ROOT PLANING: a treatment procedure designed to remove cementum or surface dentin that is rough, impregnated with calculus, or contaminated with toxins or microorganisms
- GOAL IS TO MODIFY ROOT SURFACE
- shaving stroke
- subgingival
- curettes, rotaries, and ultrasonics
- only performed in periodontitis
SUBGINGIVAL SCALING: instrumentation of the crown and root surfaces of the teeth to remove plaque, calculus, and stains from these surfaces
- GOAL IS TO REMOVE DEPOSITS
- wedging stroke
- supra- and subgingival
- scalers, rotaries, ultrasonics, and curettes
- may be performed in gingivitis and periodontitis
What are the objectives of root planing?
- restore gingival health by completely removing tooth surface factors that promote gingival inflammation
- make the root surface biologically acceptable to the soft tissues
Why do we go subgingival? (AKA what is in a pseudo and true pocket and what is only in a true pocket)
PSEUDO AND TRUE POCKETS:
- bacterial biofilm
- calculus
- chronically inflamed pocket wall (soft tissue)

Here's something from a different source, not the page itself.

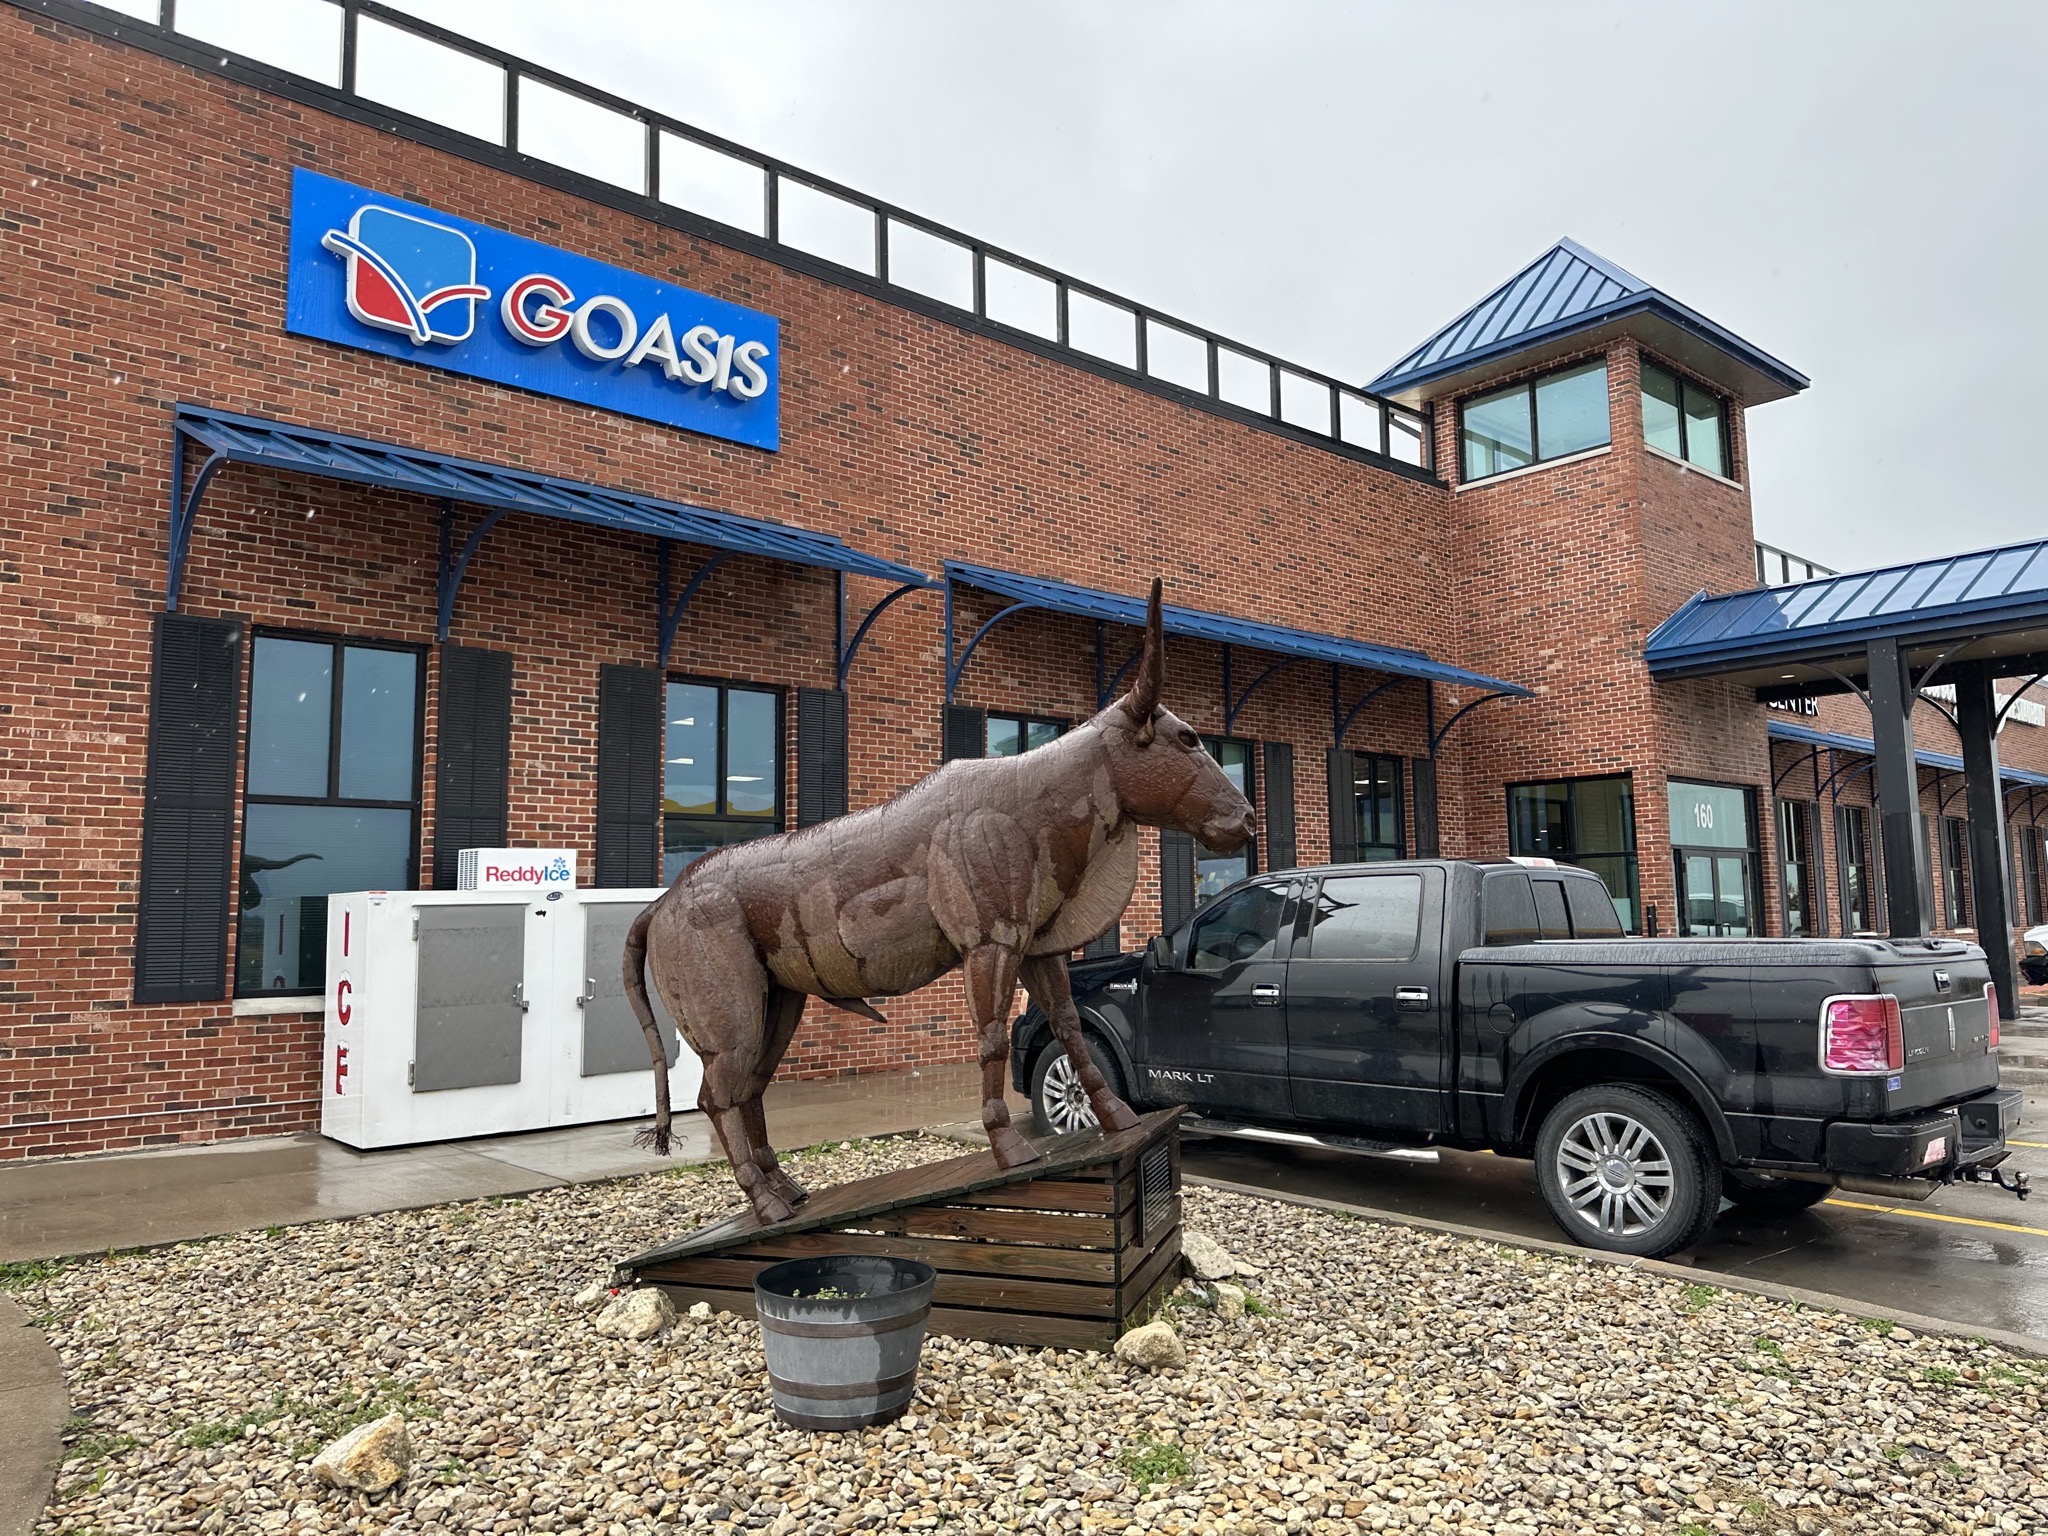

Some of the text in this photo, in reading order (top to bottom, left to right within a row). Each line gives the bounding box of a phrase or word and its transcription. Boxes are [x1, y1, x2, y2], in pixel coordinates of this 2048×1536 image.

- destructive host response (tissue breakdown products)
TRUE POCKETS ONLY:
- altered (diseased) root cementum
- apical migration of attachment apparatus
- bone loss
Periodontal disease = ___ + ___
How does calculus and cementum play a role in the etiology of periodontal disease?
- bacterial plaque
- susceptible host
CALCULUS:
- not a mechanical irritant
- not a chemical irritant
- plaque retentive!
DISEASED CEMENTUM:
- barrier to repair
- perpetuates tissue destruction
- host response
What is the rationale behind subgingival instrumentation?

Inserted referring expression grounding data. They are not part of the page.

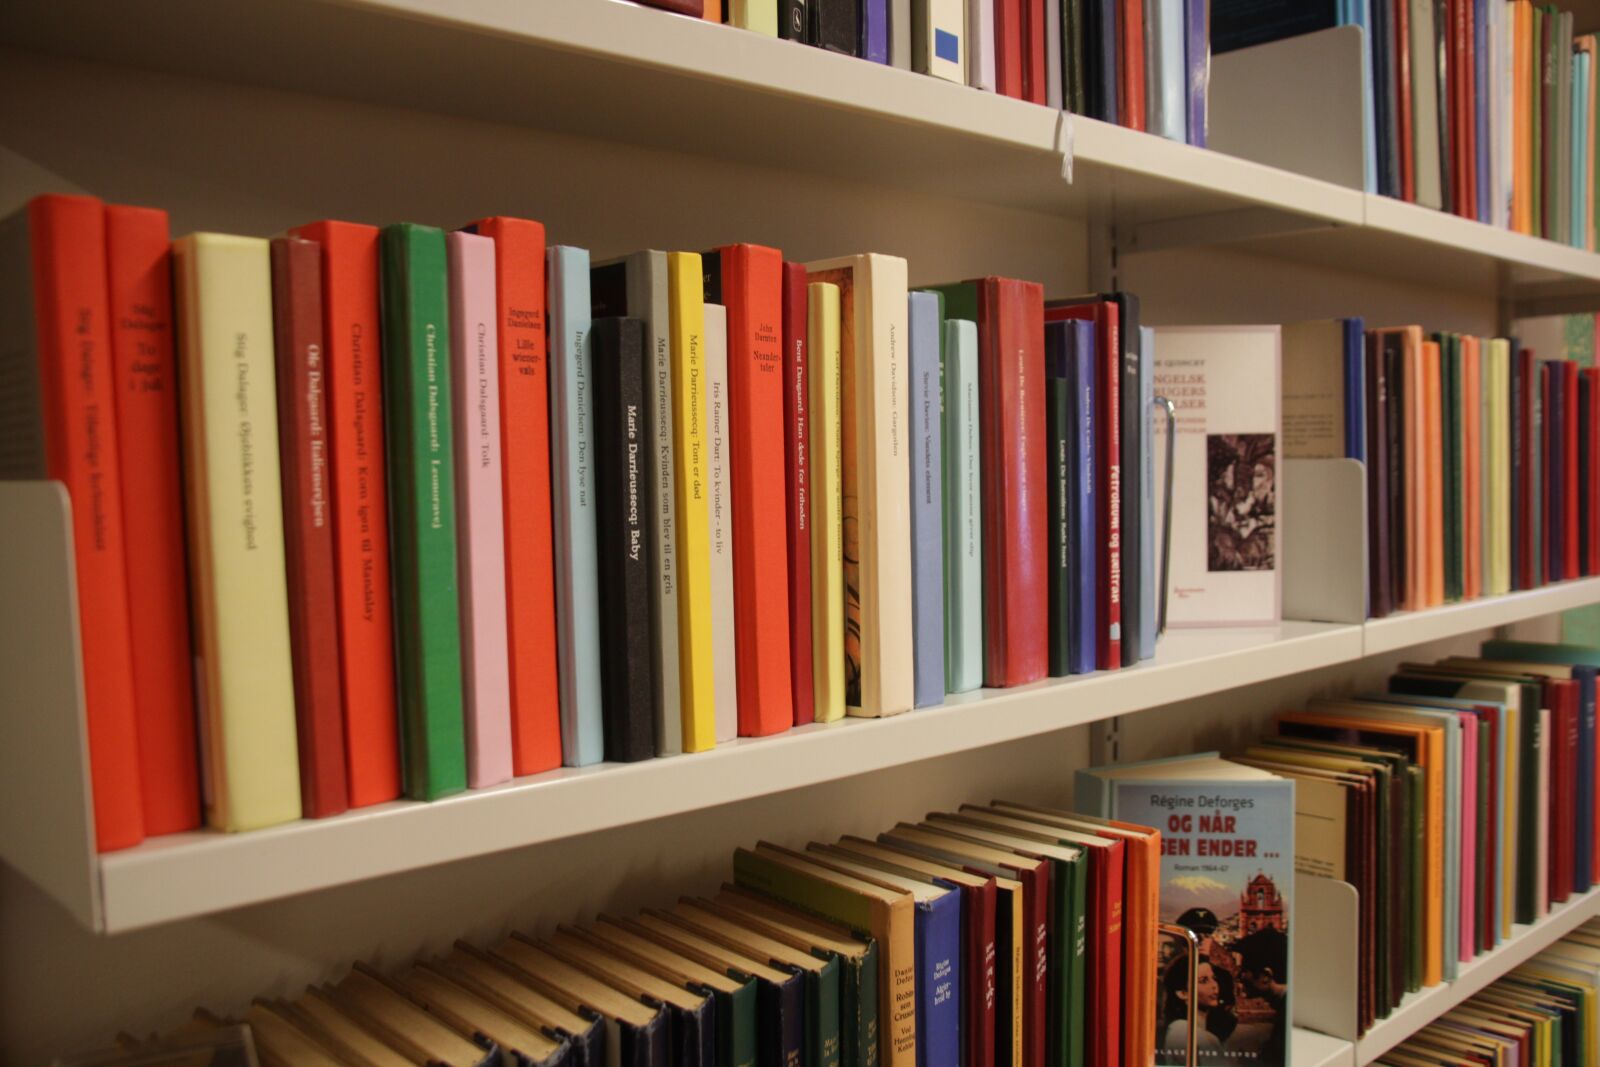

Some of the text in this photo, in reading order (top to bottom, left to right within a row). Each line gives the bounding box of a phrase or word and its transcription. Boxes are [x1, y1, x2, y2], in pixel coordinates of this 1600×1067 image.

[307, 344, 320, 367] Ole
[352, 323, 364, 385] Christian
[427, 323, 437, 382] Christian
[657, 337, 667, 368] Marie
[795, 340, 803, 362] Bent
[713, 382, 721, 398] Iris
[1154, 373, 1206, 384] NGELSK
[477, 322, 490, 468] Christian Dalsgaard: Tolk
[657, 371, 668, 441] Darrieussecq:
[428, 385, 440, 452] Dalsgaard:
[574, 330, 588, 507] Ingegerd Danielsen: Den lyse nat
[690, 334, 701, 500] Marie Darrieussecq: Tom er død
[713, 401, 721, 433] Rainer
[713, 437, 722, 462] Dart:
[798, 442, 806, 467] døde
[660, 445, 670, 489] Kvinden
[714, 466, 721, 479] To
[358, 465, 369, 498] Kom
[627, 405, 641, 560] Marie Darrieussecq: Baby
[714, 481, 722, 520] kvinder
[358, 504, 371, 533] igen
[663, 517, 671, 540] blev
[715, 528, 722, 540] to
[1109, 534, 1119, 548] og
[663, 543, 672, 554] til
[715, 541, 723, 554] liv
[663, 557, 671, 570] en
[362, 558, 375, 622] Mandalay
[663, 573, 673, 595] gris
[1150, 794, 1255, 811] Régine Deforges
[1168, 809, 1237, 834] OG NÅR
[1159, 839, 1191, 857] SEN
[1199, 839, 1258, 858] ENDER
[1174, 863, 1200, 872] Roman

- mechanically alter the subgingival ecosystem (remove plaque and retentive features, remove diseased surfaces)
- promote health associated host-response
What is the difference between curettage and root planing?
- CURETTAGE: soft tissue removal
- ROOT PLANING: hard tissue removal
What are the challenges (limitations) to subgingival instrumentation?
- *blind procedure
- *lack of access
- subgingival calculus tenacious
- calculus morphology variations
- *complex root morphology
- *variations in pocket anatomy
- *root concavities and furcations
- = bolded
What are the 3 keys to effective root planing?
- sharp instruments (more efficient, make root planing possible, prevents burnished calculus)
- access cemental surface
- correct angulation of the instrument face
True or false: The more experienced operators produce a significantly greater number of calculus-free root surfaces than the less experienced operators in periodontal pockets with moderate (4-6 mm) and deep (6+ mm) probing depths.
true
Which are easier to instrument: multi- or single-rooted teeth?
- single-rooted teeth
- root groove, narrow furcation openings or furcation ridges make instrumentation harder, if not impossible
- both mandibular and maxillary teeth have concavities at or within 5 mm apical to their CEJ
Are ultrasonics or hand instruments more effective at removing calculus? Cementum?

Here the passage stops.